Dass der Nachfolger des Traditionsvereins und ehemaligen Zweitligisten EV Landsberg ein starker Aufsteiger sein würde, das wusste man. Dass die Lechstädter aber sogar um Platz Fünf mitspielen würden, überrascht dann doch auch einige Experten. Das Team glänzt durch Einsatzwillen, taktische Disziplin und hat mit Dennis Sturm den Penaltykönig der Bayernliga in seinen Reihen. Der treffsichere 21jährige (insgesamt zehn Tore) sorgte unter anderem im Hinspiel mit seinem Treffer zum 5:4 für einen der sage und schreibe vier Siege nach Penaltyschießen der River Kings, die sich eigentlich in „Penalty-Kings“ umtaufen müssten. Denn neben Sturm glänzt auch Torhüter Schedlbauer in dieser Disziplin, allerdings nicht nur in dieser. Er war im Hinspiel einer der Matchwinner des HCL.

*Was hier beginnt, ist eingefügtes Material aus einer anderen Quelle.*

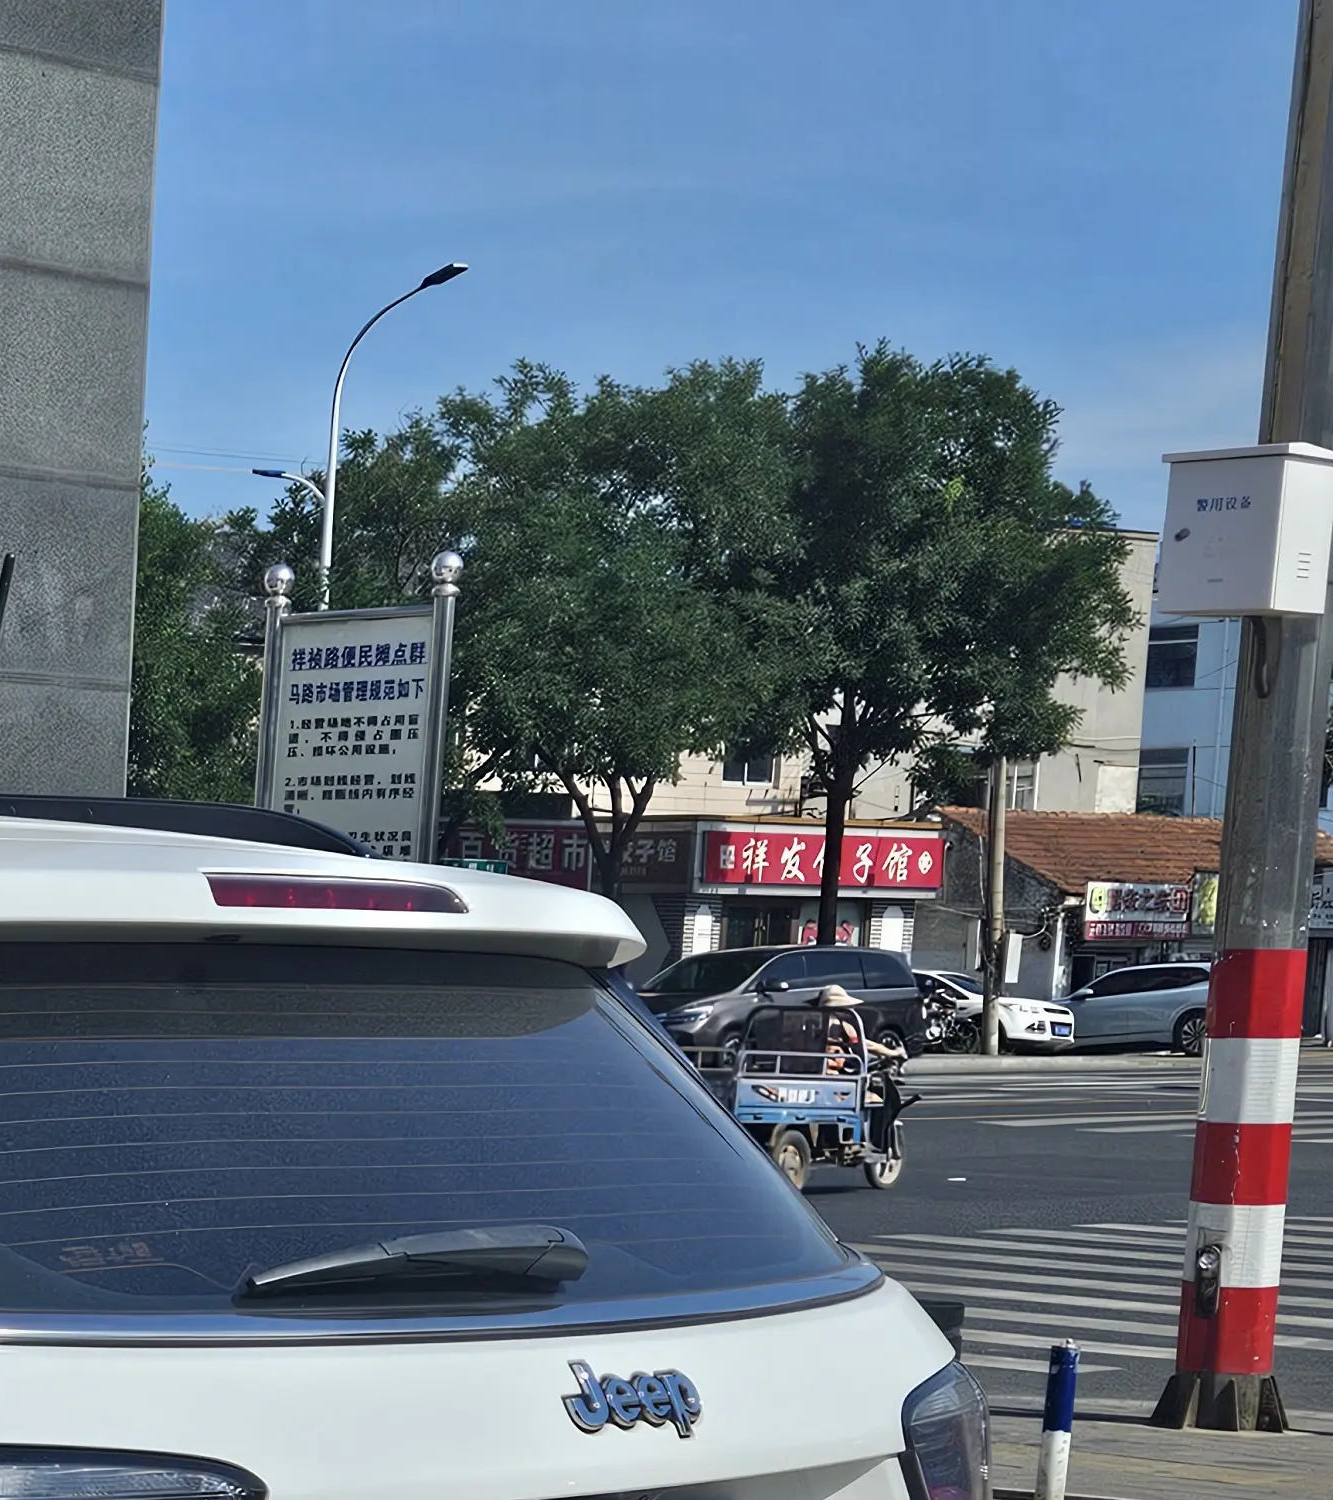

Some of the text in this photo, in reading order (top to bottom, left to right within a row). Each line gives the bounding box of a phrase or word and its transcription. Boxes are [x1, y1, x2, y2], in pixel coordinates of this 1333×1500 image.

[742, 836, 914, 883] 祥发子馆
[561, 1359, 703, 1440] Jeep

Die große Frage bei den Gästen wird allerdings sein, wie sie die Unruhe im Verein verkraften werden, die der vollkommen überraschende Rücktritt von Trainer Alex Wedl ausgelöst hat. Der Ex-Profi, der bisweilen noch selbst mit auf dem Eis stand und auf breiter Front für den Verein tätig war, warf Mitte der Woche nach Unstimmigkeiten mit dem Vorstand das Handtuch. “Er hinterlässt auf jeden Fall eine intakte Mannschaft, die ganz schwer zu schlagen ist“, sagt Team-Manager Sebastian Schwarzbart. Das dürfte sich auch unter dem bisherigen Co-Trainer Andreas Zeck nicht ändern, der zunächst die Verantwortung tragen wird. Landsberg verlor von den 15 Spielen nur fünf in regulärer Spielzeit, feierte unter anderem Siege gegen die Top-Teams Miesbach und Höchstadt. „Es ist kein Zufall, dass der HCL um Platz Fünf mitspielt.“ Auch der Ex-Lindauer Mike Dolezal, der kurz vor Saisonstart am Lech anheuerte, trägt seinen Teil dazu bei.

Umso wichtiger wäre ein weiterer Erfolg für die Islanders, bei denen unter der Woche im Training Hochbetrieb herrschte. Schließlich galt es, die Neuzugänge Mario Seifert und Jan Kouba zu integrieren, die nun ihr Heimdebüt geben sollen. Trainer Sebastian Buchwieser hat endlich die lang ersehnten Variationsmöglichkeiten und die Mannschaft frisches Blut, das ihr im engen Rennen um Platz Fünf sicher gut tun wird. Wie im Vorjahr ist die Heimstärke ein wichtiges Faustpfand für die Lindauer, die in der Zuschauergunst der Liga nur von Memmingen übertroffen werden und in regulärer Spielzeit ungeschlagen sind. Das ist definitiv auch ein Ergebnis der grandiosen Unterstützung der eigenen Fans.